Professor of Ecology
Pontificia Universidad Católica de Chile
The Santa Fe Institute
Born in 1963 in Santiago
Ph.D. in Biology, University of New Mexico
Project
Universal Ecology. Understanding Life from Cells to Societies
Ecology is fundamental to understand the phenomenon of life from cells to societies. The origin of life is the origin of an ecology; it is the origin of a biosphere and our way of being in the world. We argue that what unfolded from there can be understood only if we do away with the levels-of-organization paradigm and view from a different perspective: what unfolds for life is a recurrent process guided by the first principles underlying energy, matter, and information flows. The details of this dynamic and its manifestation in different phenomena—from cells to ecosystems and societies—form the core of the research I will undertake at the Wissenschaftskolleg and that will become a book on the subject. This book is foremost a synthesis of works I have done during the last 30 years and also a source of original research ideas. Among the former are the issues of general laws underlying the structure of ecological systems, manifesting in recurrent mathematical objects or relationships, such as scaling laws or invariant distributions characterizing dynamics, and accounting for observables such as the distribution of species richness, species abundances, genes in populations, and gene families in genomes. Among the latter are the fundamental role of neutrality and realized fitness symmetry, the fundamental role of stochasticity and birth and death dynamics, the role of key environmental factors such as temperature in affecting ecological patterns from cells to ecosystems, and the universal character of these effects. The most important new insights provided by the book arise from the blending of ecology, math, physics, economy, philosophy, and sociology that runs through it. Importantly, we mount an organized attack aimed at deconstructing the metaphysics of the level-of-organizations paradigm and propose a different epistemological stance. The end result is a radical philosophical view on how to interpret ecological dynamics, including the human phenomenon, society, and its relation to the rest of the natural world.Recommended Reading
Marquet, Pablo A., Andrew P. Allen, James H. Brown, et al. (2014). “On Theory in Ecology.” BioScience 64 (8): 701–710. https://doi.org/10.1093/biosci/biu098.

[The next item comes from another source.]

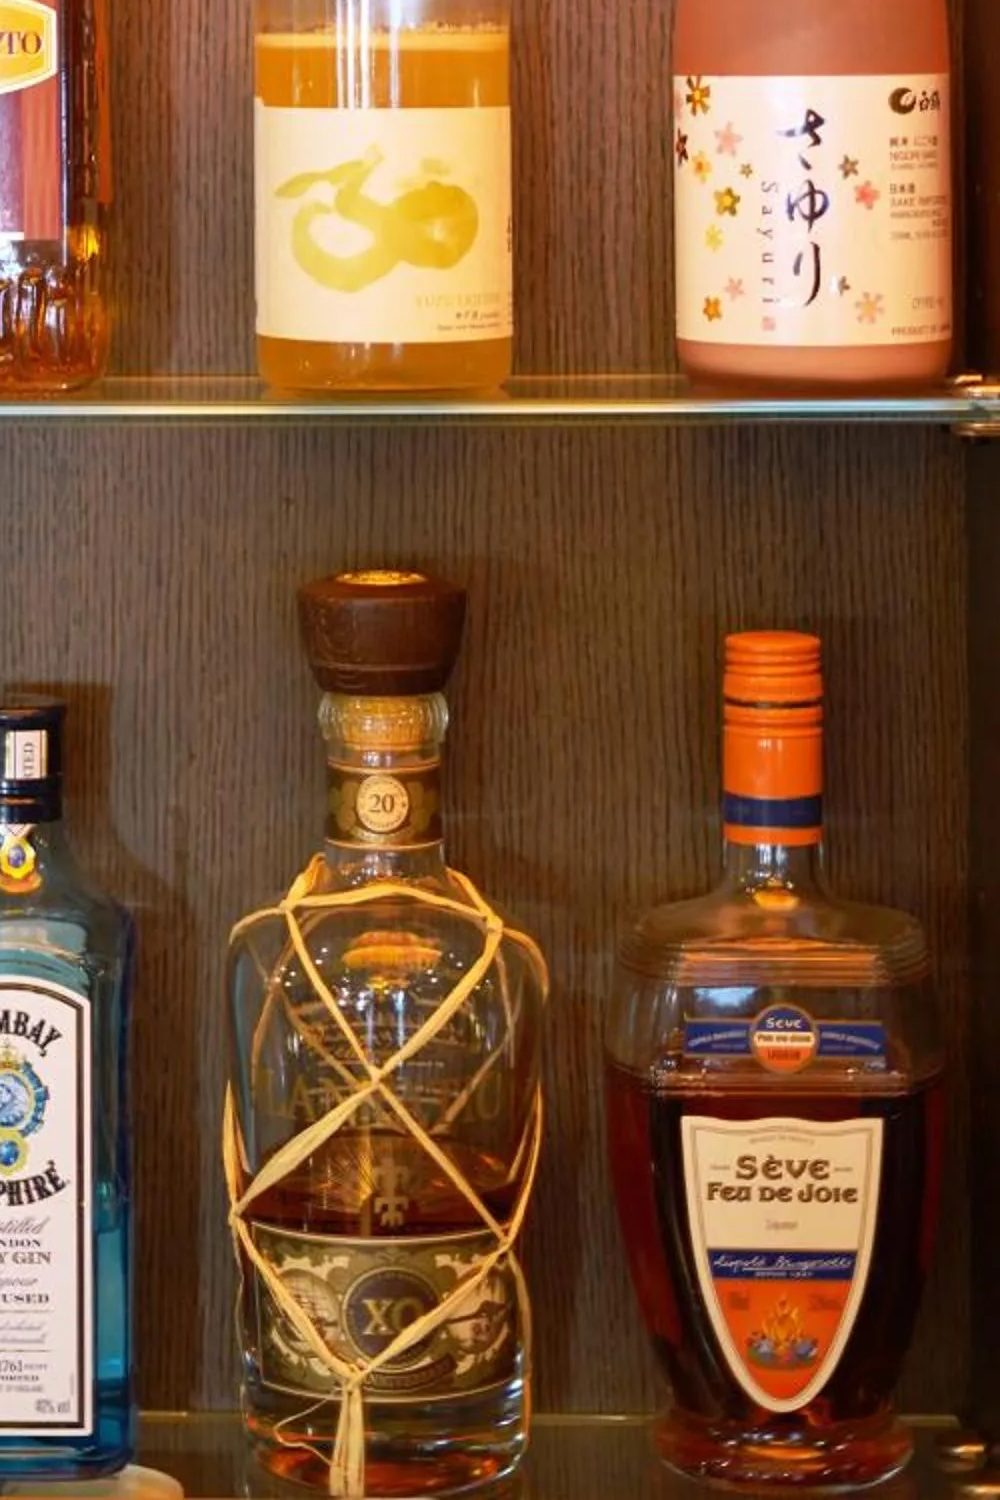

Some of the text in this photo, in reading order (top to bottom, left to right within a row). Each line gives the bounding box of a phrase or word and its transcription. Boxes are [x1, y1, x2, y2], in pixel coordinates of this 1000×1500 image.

[756, 180, 779, 306] Sayuri
[369, 793, 396, 814] 20
[11, 1251, 52, 1265] GIN

Marquet, Pablo A., Guillermo Espinoza, Sebastian R. Abades, Angela Ganz, and Rolando Rebolledo (2017). “On the Proportional Abundance of Species: Integrating Population Genetics and Community Ecology.” Scientific Reports 7: 16815. https://doi.org/10.1038/s41598-017-17070-1.
Arroyo, José I., Beatriz Díez, Christopher P. Kempes, Geoffrey B. West, and Pablo A. Marquet (2022). “A General Theory for Temperature Dependence in Biology.” Proceedings of the National Academy of Sciences 119 (30): e2119872119. https://doi.org/10.1073/pnas.2119872119.
Colloquium, 05.05.2026
Ecology from cells to societies
Ecology is the science of interaction among entities manifested in fluxes of energy, matter, and information. These characteristics are present across levels of organization, and their understanding provide a framework to develop simple efficient theories based on first principles. In this talk, I will elaborate on a couple of case studies showing how those processes that affect energy, matter, and information fluxes explain patterns from cells to societies, from individual growth, abundance to social complexity by what I call the socio-ecological loop.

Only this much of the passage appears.